Grundbesitz im Ausland / Vergütungsfrage

  • Guten Morgen zusammen!

    Gerade erhielt ich einen Anruf und nun brauche ich mal wieder Hilfe. Ein Betreuter besitzt Immobilien in der Türkei. Der hier eingesetzte Berufsbetreuer hatte eine Rechtsanwältin in der Türkei gebeten, sich um die Immobilienverwaltung zu kümmern. Diese hat nunmehr darum gebeten, dass der Betreuer nach Istanbul reist, um die Immobilien, die in sehr schlechtem Zustand sein sollen, zu besichtigen und zu entscheiden, was mit dem Grundbesitz geschehen soll. Der Betreuer beabsichtigt daher, in zwei Wochen für drei, vier Tage in die Türkei zu reisen. Die Flug- und Unterkunftskosten sollen aus dem Vermögen des Betreuten entnommen werden. Zudem muss der Betreuer sich allerdings drei Tage Urlaub von seiner sonstigen Tätigkeit nehmen und möchte diesen ebenfalls erstattet erhalten. Bin ziemlich ratlos, wonach dies möglich sein könnte. Meine Idee war, evtl. einen Ergänzungsbetreuer einsetzen zu lassen, der die Entschädigung der Reisekosten mit dem Betreuer regeln könnte. Liege ich damit total falsch oder hat sonst jemand vielleicht gute Ideen?
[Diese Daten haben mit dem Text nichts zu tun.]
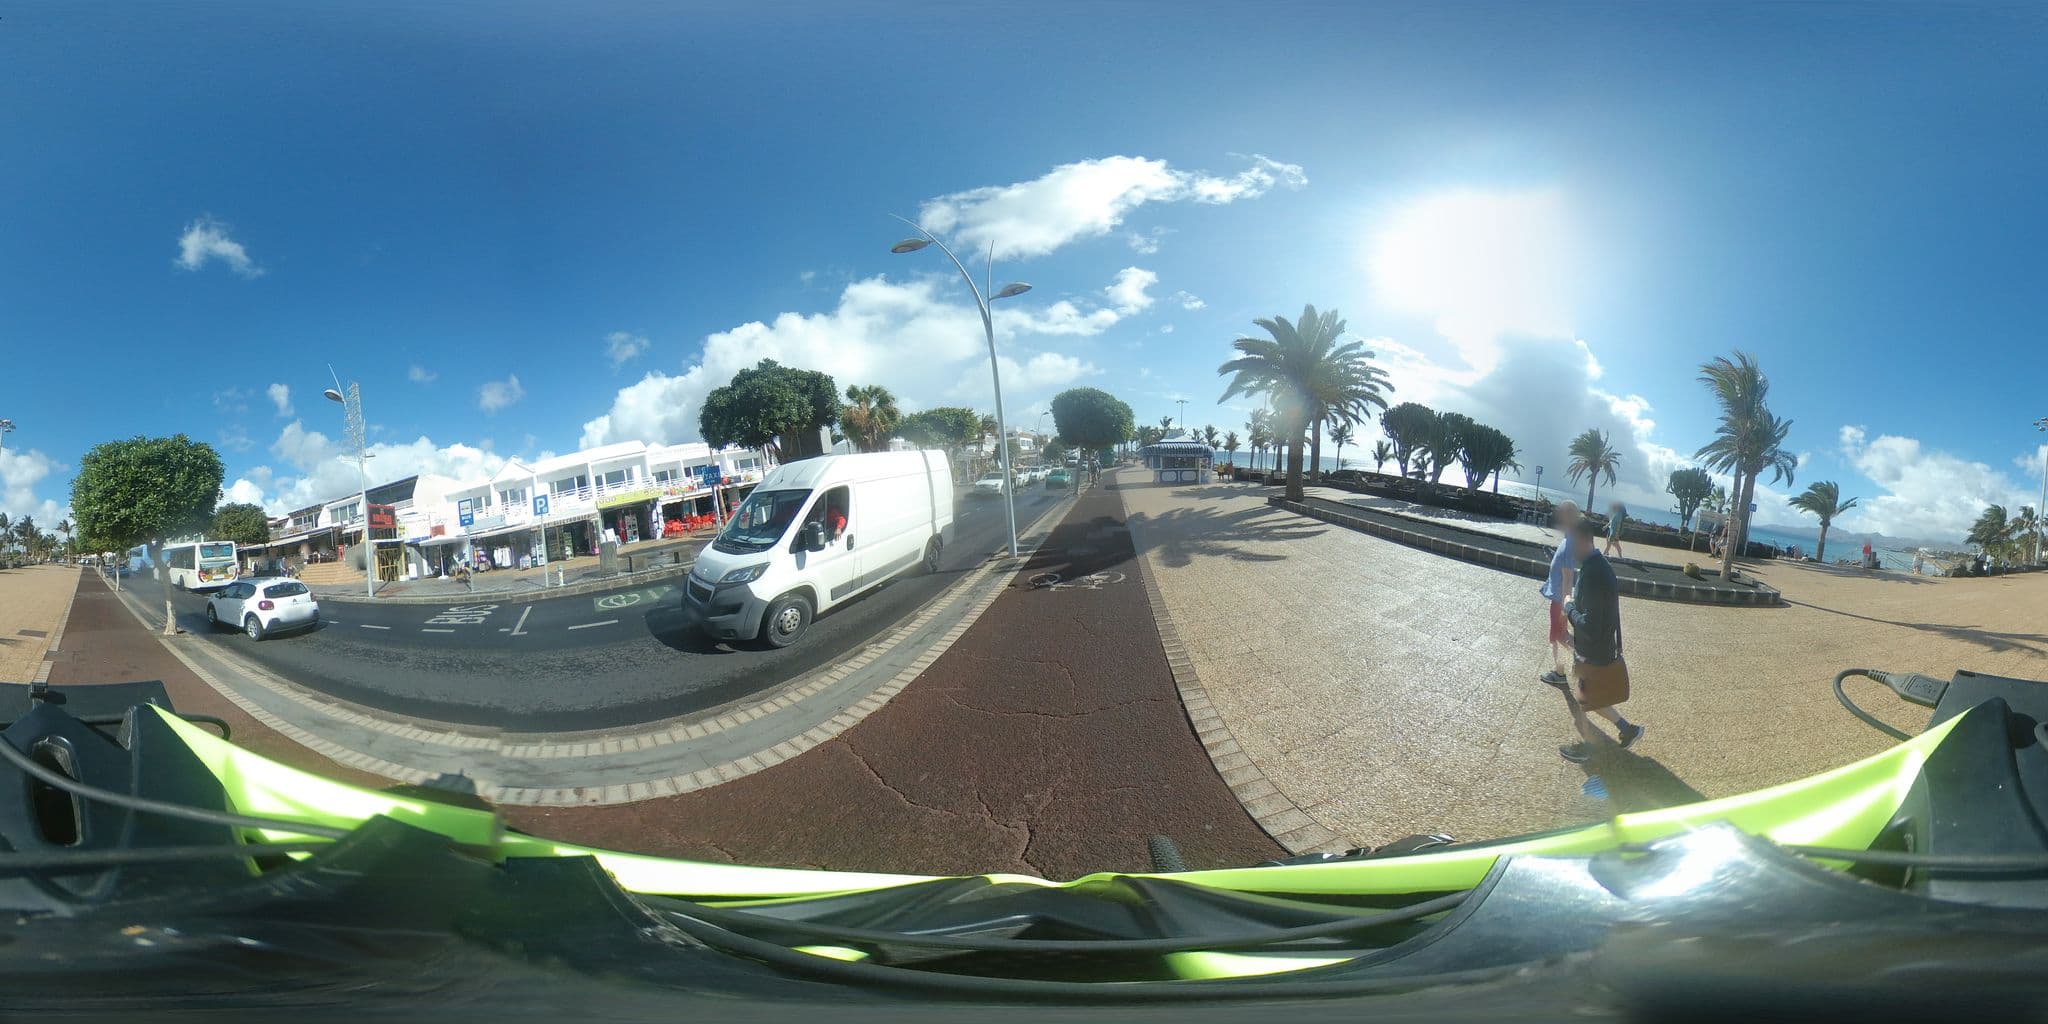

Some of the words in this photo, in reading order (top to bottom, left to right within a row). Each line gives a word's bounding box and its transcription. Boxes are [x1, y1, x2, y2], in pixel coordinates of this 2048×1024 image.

[704, 472, 720, 480] TAXI
[536, 498, 546, 513] P
[424, 604, 500, 624] BUS
    Liebe Grüße, hoffe natürlich auf rege Beteiligung...

  • Die Kosten für Flug und Unterkunft sind kein Problem, weil es sich insoweit um Aufwendungsersatz i.S. des § 1835 BGB aus dem Vermögen des Betreuten handelt. Eines Ergänzungsbetreuers bedarf es daher insoweit nicht. Es genügt, die Entnahme der betreffenden Kosten aus dem Vermögen des Betroffenen zu genehmigen.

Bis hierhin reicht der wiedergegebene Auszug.